Rena Juan - Wood Carver: Nominee of a Utah Governor's Folk Artist Award, Rena Juan has multiple talents up her sleeve that she produces when the need arises- like rug weaving and clay pottery- but wood carving is what she loves doing most, and it shows in her pieces. Rena takes an old dead piece of cottonwood, pine, or basswood, rough cuts it with a chainsaw, then begins carving new life into it. When she is finished her carved and painted figures represent the Navajo lifestyle both in form and in spirit, creating an aura of realism, warmth, and personality.

Rena Juan sees details most people miss, and then she is able to put them into her carvings in such a way as to make them not only noticeable, but memorable. These interesting particulars are what make her carvings so lifelike. Her people may wear glasses, have pot bellies, or holes in a hat brim or in the seat of their pants. Rena is able to give expression to her wood figures just by the way she postures them, and often it is an expression that reveals Rena's delightful sense of humor.

A native of Ganado, Arizona, a place famous for rug weaving, Rena learned to weave, and sometimes makes small rugs to go with her pieces, but she finds great satisfaction in the three dimensional world of carving. She initially learned to carve professionally from watching and working with her husband.

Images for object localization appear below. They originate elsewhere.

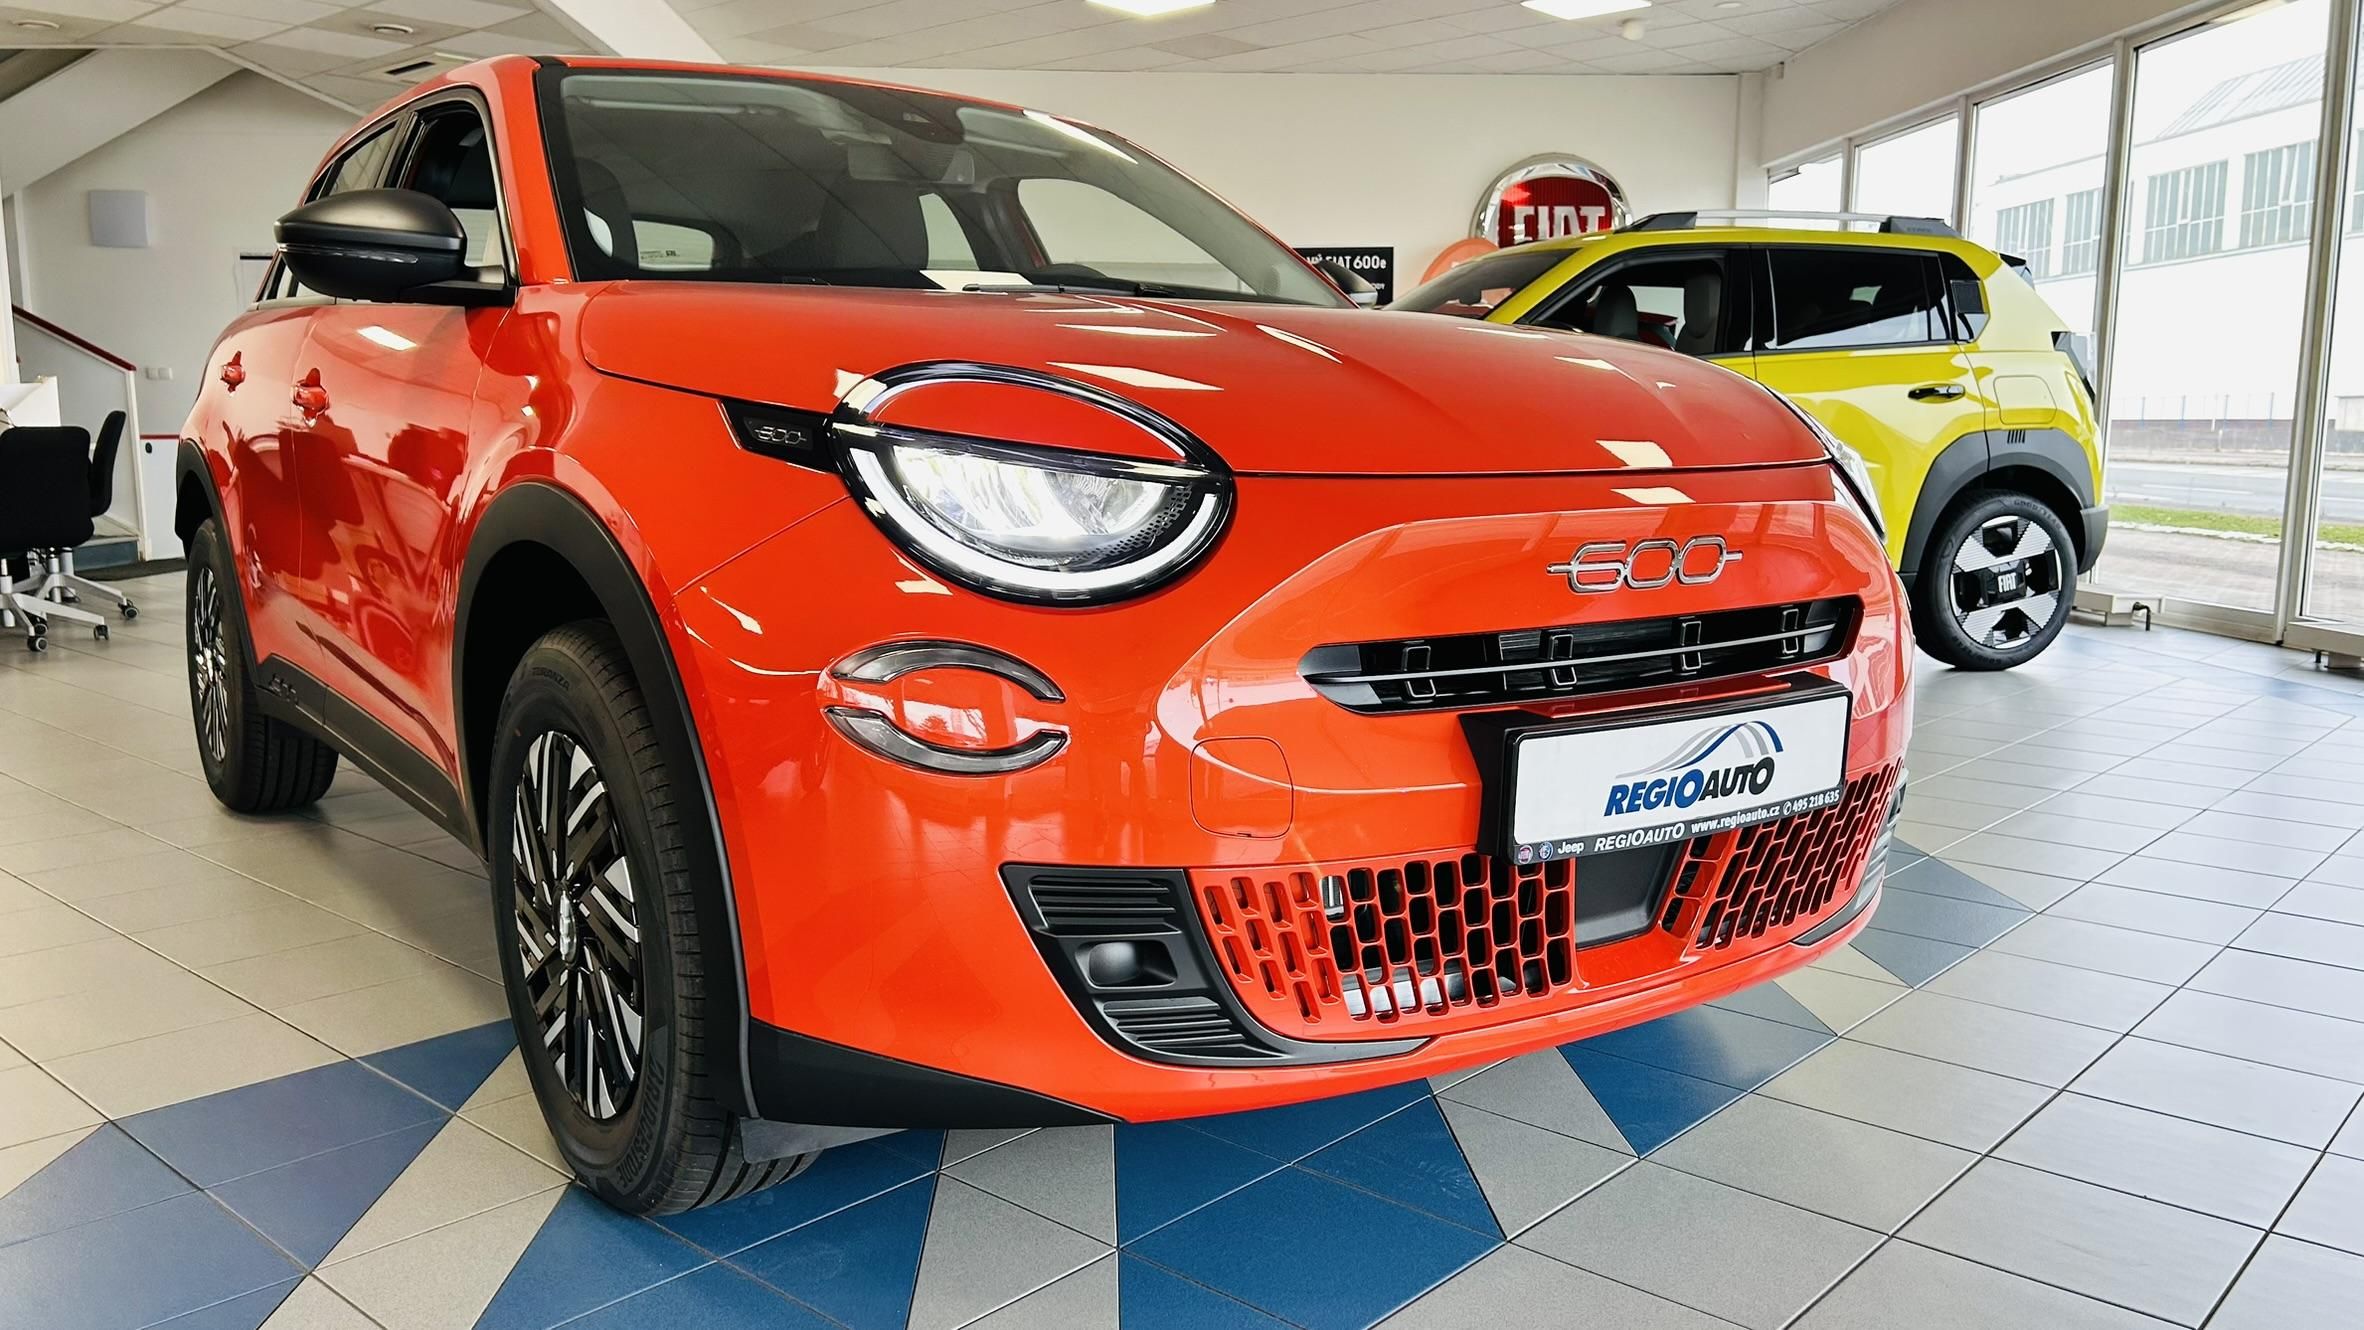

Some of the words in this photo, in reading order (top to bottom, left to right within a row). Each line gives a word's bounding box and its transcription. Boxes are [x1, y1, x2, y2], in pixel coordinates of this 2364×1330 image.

[1513, 206, 1605, 244] FIAT
[1353, 255, 1387, 269] 600e
[1548, 536, 1742, 593] 600
[1997, 572, 2017, 593] FIAT
[1603, 756, 1775, 816] REGIOAUTO
[1557, 841, 1584, 854] Jeep
[1594, 822, 1684, 852] REGIOAUTO
[1691, 805, 1780, 834] www.regioauto.cz
[1793, 799, 1808, 813] 495
[1809, 794, 1824, 808] 218
[1825, 789, 1840, 803] 635

Over the past decade she has perfected her own unique style.

Rena likes to carve outdoors, in the morning air, under a small shade in her yard. (Having seven children gives her a great appreciation for the quiet of the outdoors!) Two of her sons often practice wood carving with her and they enjoy this shared time to visit.

It takes several days for Rena to "rough cut" a piece of wood, and 3 or 4 days to finish carving it. Most of Rena's tools are customized for her use. On weekends Rena enjoys traveling to art shows where she can see other's work and get new ideas for her own work. Still, Rena maintains, she gets most of her inspiration from her youth.

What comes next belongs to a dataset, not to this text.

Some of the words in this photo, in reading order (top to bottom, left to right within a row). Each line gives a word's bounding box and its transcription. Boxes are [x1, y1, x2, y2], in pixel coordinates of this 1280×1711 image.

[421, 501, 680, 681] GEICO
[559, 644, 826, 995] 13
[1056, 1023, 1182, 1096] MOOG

Rena is partial to carving sheep herders because sheep are the traditional livelihood of the Navajo. When she was a girl she and her sister spent most days of the year guarding the family flock.

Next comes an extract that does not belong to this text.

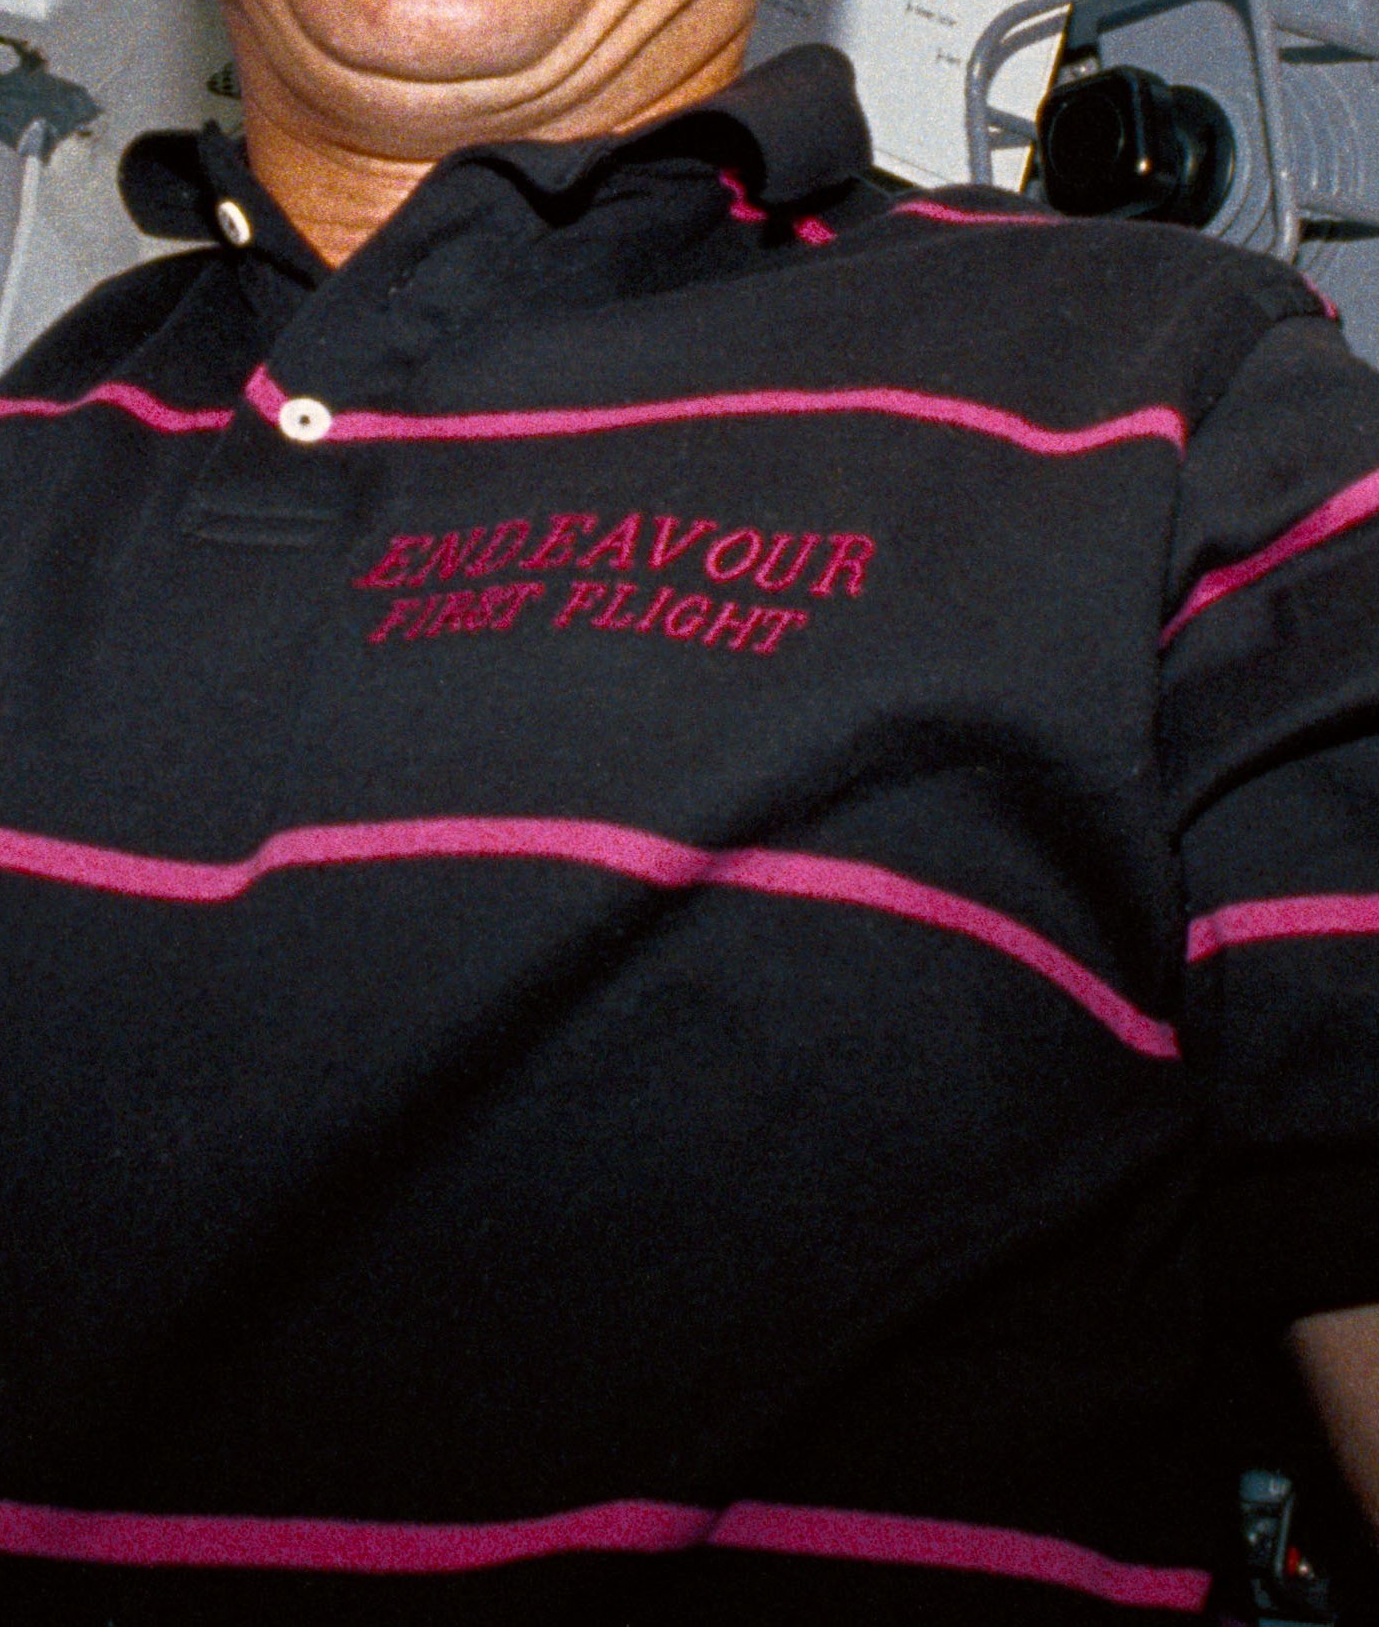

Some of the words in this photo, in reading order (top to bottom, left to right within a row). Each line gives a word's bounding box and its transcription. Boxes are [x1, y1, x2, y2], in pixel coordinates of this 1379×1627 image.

[355, 511, 877, 597] ENDEAVOUR
[367, 581, 546, 644] FIRST
[553, 579, 809, 654] FLIGHT

"That's the center of our lives on the reservation," Rena says, "I remember when I was small we had a lot of sheep. My mom used to make us get up early in the morning. 'Come on, get up! Go herd sheep!"', Rena mimics her mother's voice with a laugh.

"We didn't go to the store every day. When we ran out of groceries we butchered sheep. We had them with wild herbs, mulberries, or cactus that my mom used to fix a certain way. We also had corn and squash."

Even then Rena carved. She created a miniature hogan and made figures of sheep, horses, and people to play with.

Rena is careful as she creates her pieces not to portray any sacred traditional Navajo symbols. 'That's the way of our culture," she explains, "to respect our elders, and nature. That's what the Dine' are taught. That's what our beliefs are."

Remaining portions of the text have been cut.